The liquid-propelled rocket had a range of 1,700 kilometers (1,056 miles) and was accurate to within 500 meters (547 yards) of the target.
The rocket could carry a 750 kg (1,653 pound) payload, and was scheduled for deployment some time after 2016, he wrote.
Cordesman’s report said Tehran, which had the largest inventory of missiles in the Middle East, has been steadily developing its missile technology, focusing in particular on improvements to guidance systems.
Its existing missiles systems were limited by “poor accuracy and uncertain reliability,” he wrote.
The improving missile inventory gave Tehran “a longer range strike capability that its aging air force largely lacks,” he wrote.
‘Dangerous threat’
Iran’s missile program is being closely watched around the world, with Washington leading international efforts to stymie the growth of Tehran’s missile stockpile.
When Tehran announced in February last year that it had successfully test-fired a laser-guided surface-to-surface and air-to-surface missile, and a long-range ballistic missile capable of carrying multiple warheads, the Pentagon spokesman at the time, Adm. John Kirby, described the missile program as “a dangerous threat to region.”
He noted that U.N. Security Council Resolution 1929 prohibits Iran from undertaking any activity related to ballistic missiles capable of delivering nuclear weapons, including launches using ballistic missile technology.
Since 2003, concern over Iran’s nuclear program has grown as Iran and the International Atomic Energy Agency (IAEA) spar over Iran’s growing capability.

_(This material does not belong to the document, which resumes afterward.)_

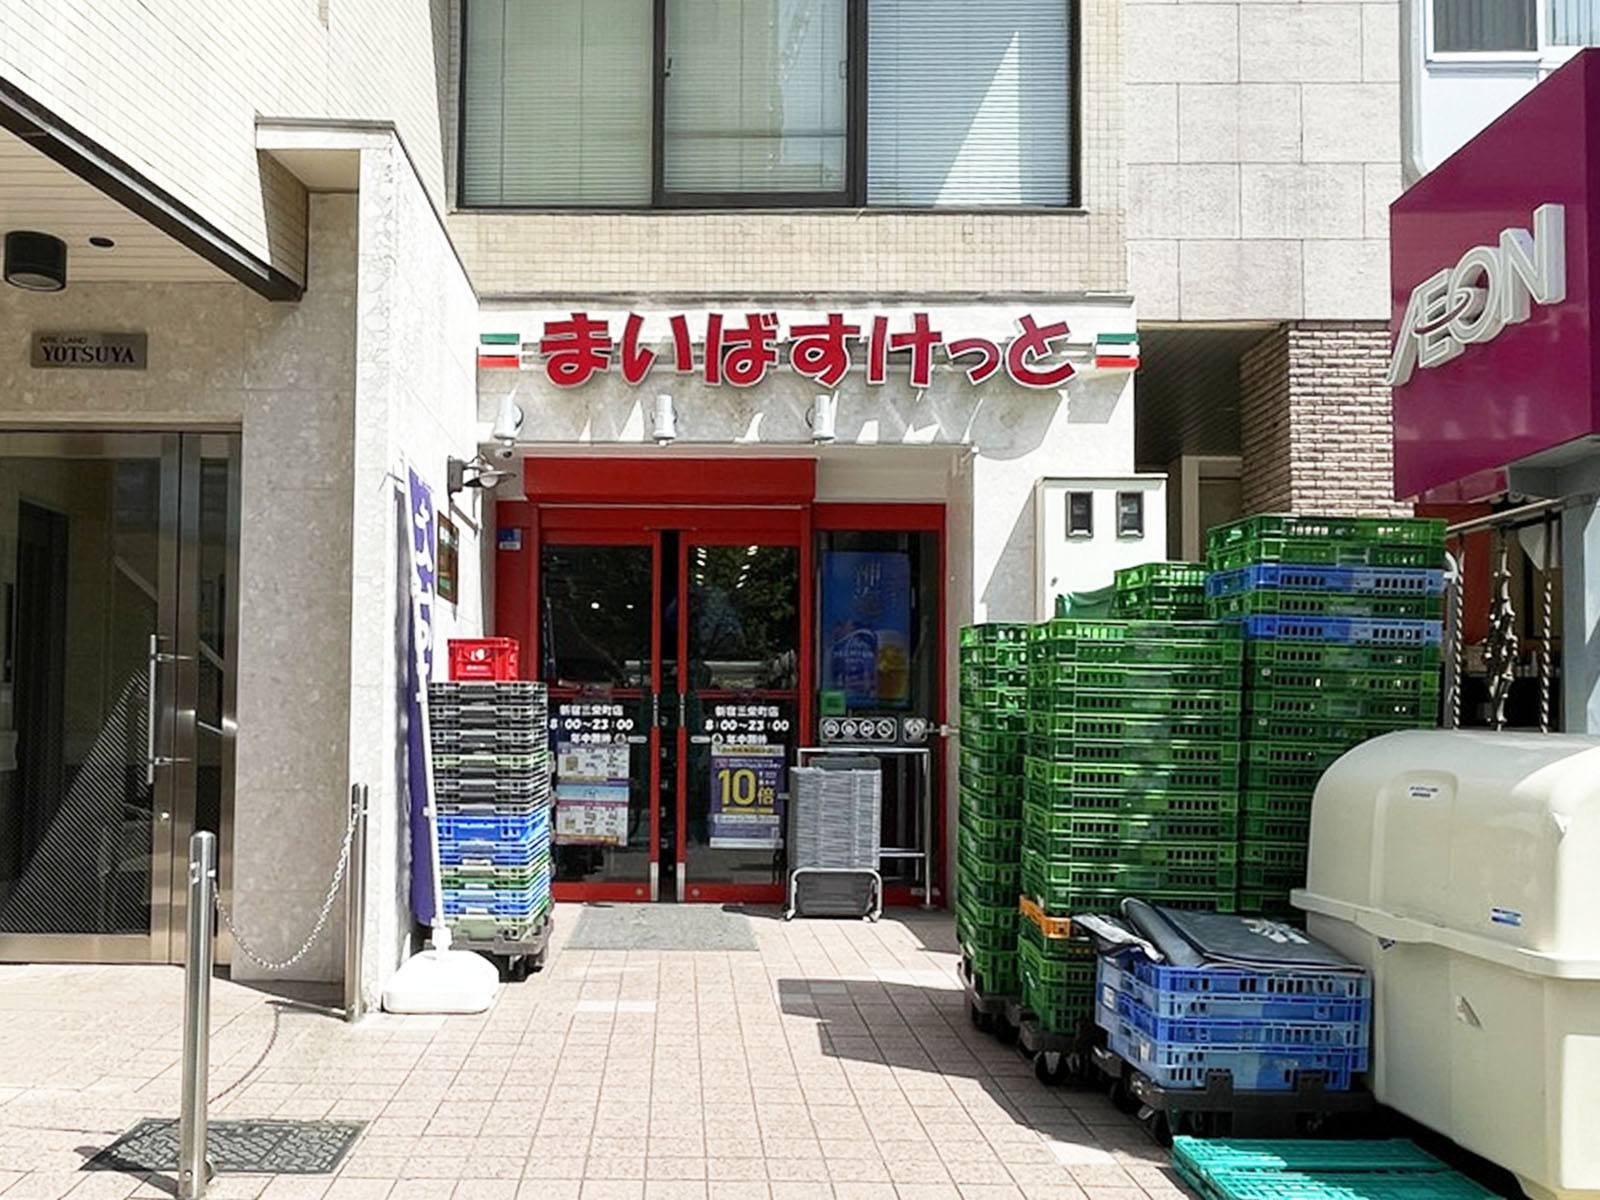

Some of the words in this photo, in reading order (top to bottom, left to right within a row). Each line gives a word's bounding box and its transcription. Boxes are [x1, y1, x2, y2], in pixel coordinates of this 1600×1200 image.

Iran’s Supreme Leader Ayatollah Khamenei has insisted Iran is not building a bomb and says weapons of mass destruction are forbidden under Islam.
In July, negotiators from Iran, the United States, China, Germany, France, Britain and Russia reached a deal on Iran’s nuclear program, agreeing to reduce the number of Iranian centrifuges by two-thirds. The agreement bans enrichment at key facilities, and limits uranium research and development to the Natanz facility.